We spend our days overcoming. We don’t avoid, we conquer.
We are driven. We don’t put in time waiting for the next day off, we thrive on the challenges.
We are solitary. We don’t look for approval, we create it within ourselves.
Sometimes, it’s not enough. It’s largely because humans are social creatures.
Confidence is the juice in your veins, but it’s tiring to always break trail instead of strolling once in a while.
It’s important not to need approval but it’s nice to hear it.
Loving your work is so much better than the alternative, but running the machine flat out will burn it up, and quicker than you think.
We get precious little confirmation from the world at large.
Let’s get some from modern science, then, eh?
The Psychology of Happiness Is On Your Side
Here are some quotes from my newest book. Since I’m not a scientist, and possibly not even modern, they’re from a couple chaps you may have heard of. Just in case you’re not familiar, I’ll introduce them both. (Emphasis in all quotes is mine.)
Mihaly Csikszentmihalyi and Flow
Mihaly Csikszentmihalyi is noted for his work in the study of happiness and creativity. He is best known as the architect of the concept of flow, the altered state of consciousness we sometimes find ourselves in when totally engaged with a challenging task. Martin Seligman, former president of the American Psychological Association, described Csikszentmihalyi as the world’s leading researcher on positive psychology.
Csikszentmihalyi on why it matters what we do for a living, and whose job it is:
“Because for most of us a job is such a central part of life, it is essential that this activity be as enjoyable and rewarding as possible. Yet many people feel that as long as they get decent pay and some security, it does not matter how boring or alienating their job is. Such an attitude, however, amounts to throwing away almost 40 percent of one’s waking life.

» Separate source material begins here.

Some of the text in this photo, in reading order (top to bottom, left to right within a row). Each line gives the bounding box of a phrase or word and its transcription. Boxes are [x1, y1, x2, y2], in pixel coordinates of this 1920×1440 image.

And since no one else is going to take the trouble of making sure that we enjoy our work, it makes sense for each of us to take on this responsibility.” — Finding Flow: The Psychology of Engagement with Everyday Life by Mihaly Csikszentmihalyi, p. 101-2.

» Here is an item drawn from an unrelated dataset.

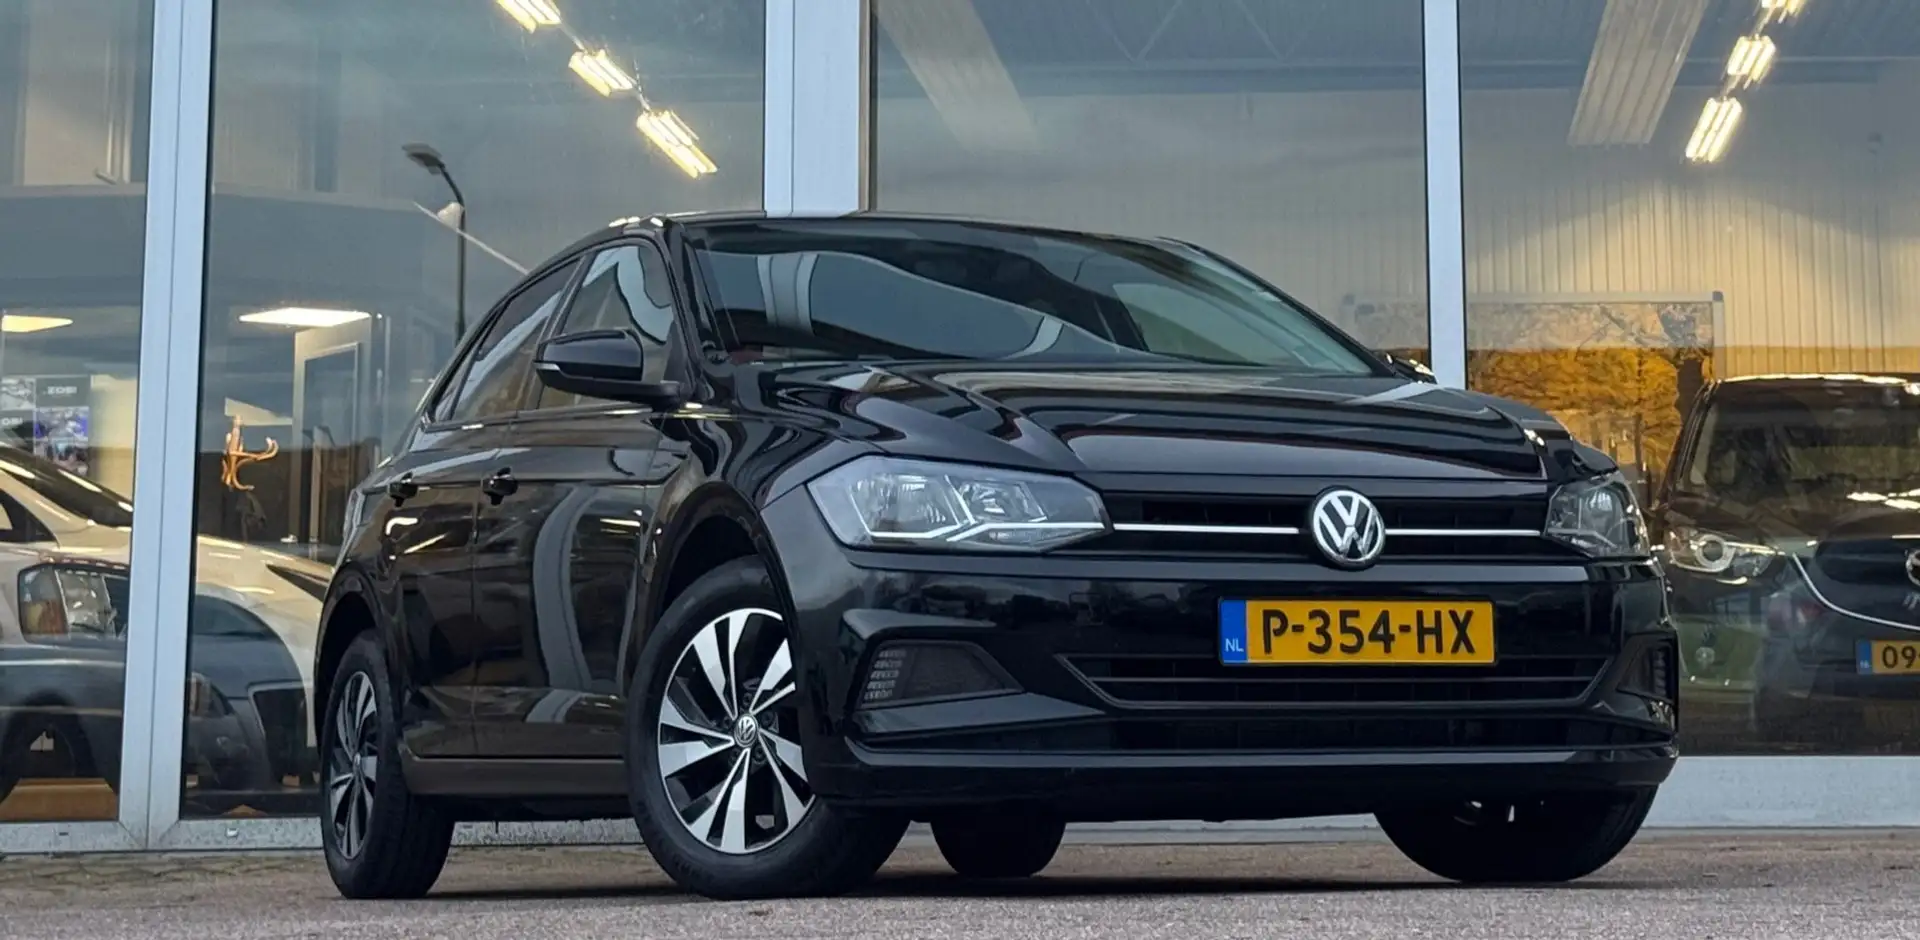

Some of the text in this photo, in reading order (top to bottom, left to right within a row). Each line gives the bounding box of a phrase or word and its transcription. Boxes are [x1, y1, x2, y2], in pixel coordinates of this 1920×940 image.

Abraham Maslow and What We Need
Our second expert is Abraham Maslow, whose name is forever tied to his theory of self-actualization as illustrated in Maslow’s Hierarchy of Needs.

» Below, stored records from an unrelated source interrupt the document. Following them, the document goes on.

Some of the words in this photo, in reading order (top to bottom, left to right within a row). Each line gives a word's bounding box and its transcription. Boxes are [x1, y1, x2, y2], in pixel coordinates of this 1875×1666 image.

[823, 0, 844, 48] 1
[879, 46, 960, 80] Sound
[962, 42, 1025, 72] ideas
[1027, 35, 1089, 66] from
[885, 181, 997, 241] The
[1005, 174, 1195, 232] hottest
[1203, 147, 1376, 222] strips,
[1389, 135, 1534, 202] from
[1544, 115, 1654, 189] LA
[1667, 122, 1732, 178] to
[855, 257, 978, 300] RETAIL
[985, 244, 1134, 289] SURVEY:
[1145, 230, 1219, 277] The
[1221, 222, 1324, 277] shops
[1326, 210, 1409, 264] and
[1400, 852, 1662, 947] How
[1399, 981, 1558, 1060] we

From Maslow we learn that personal growth, not complacency, is the path to happiness.
“All people in our society (with a few pathologic exceptions) have a need or desire for a stable, firmly based, usually high evaluation of themselves, for self-respect, or self-esteem, and for the esteem of others. These needs may therefore be classified into two subsidiary sets. These are, first, the desire for strength, for achievement, for adequacy, for mastery and competence, for confidence in the face of the world, and for independence and freedom. …More and more today . . . there is appearing widespread appreciation of their central importance, among psychoanalysts as well as among clinical psychologists.
“Satisfaction of the self-esteem need leads to feelings of self-confidence, worth, strength, capability, and adequacy, of being useful and necessary in the world. But thwarting of these needs produces feelings of inferiority, of weakness, and of helplessness.” — Motivation and Personality by Abraham H. Maslow, p 45
Again from Maslow, consider these benefits of seeing a higher purpose in our own actions:
- Living at the higher need level means greater biological efficiency, greater longevity, less disease, better sleep, appetite, etc.
- Higher need gratifications produce more desirable subjective results, i.e., more profound happiness, serenity, and richness of the inner life.
- Pursuit and gratification of higher needs represent a general healthward trend, a trend away from psychopathology.
- A greater value is usually placed upon the higher need than upon the lower by those who have been gratified in both.
- The pursuit and the gratification of the higher needs have desirable civic and social consequences.
- The pursuit and gratification of the higher needs leads to greater, stronger, and truer individualism.
- The lower needs are far more localized, more tangible, and more limited than are the higher needs. Hunger and thirst are much more obviously bodily than is love, which in turn is more so than respect. In addition, lower need satisfiers are much more tangible or observable than are higher need satisfactions. Furthermore, they are more limited in the sense that a smaller quantity of gratifiers is needed to still the need. Only so much food can be eaten, but love, respect and cognitive satisfactions are almost unlimited.
from Motivation and Personality by Abraham H. Maslow, p 98-100
You. Right There. Take a Bow
Taking responsibility for our own personal and financial condition is a tough job. The experts I respect tell us that it’s a job worth doing.
You’re doing it. Give yourself a big round of applause.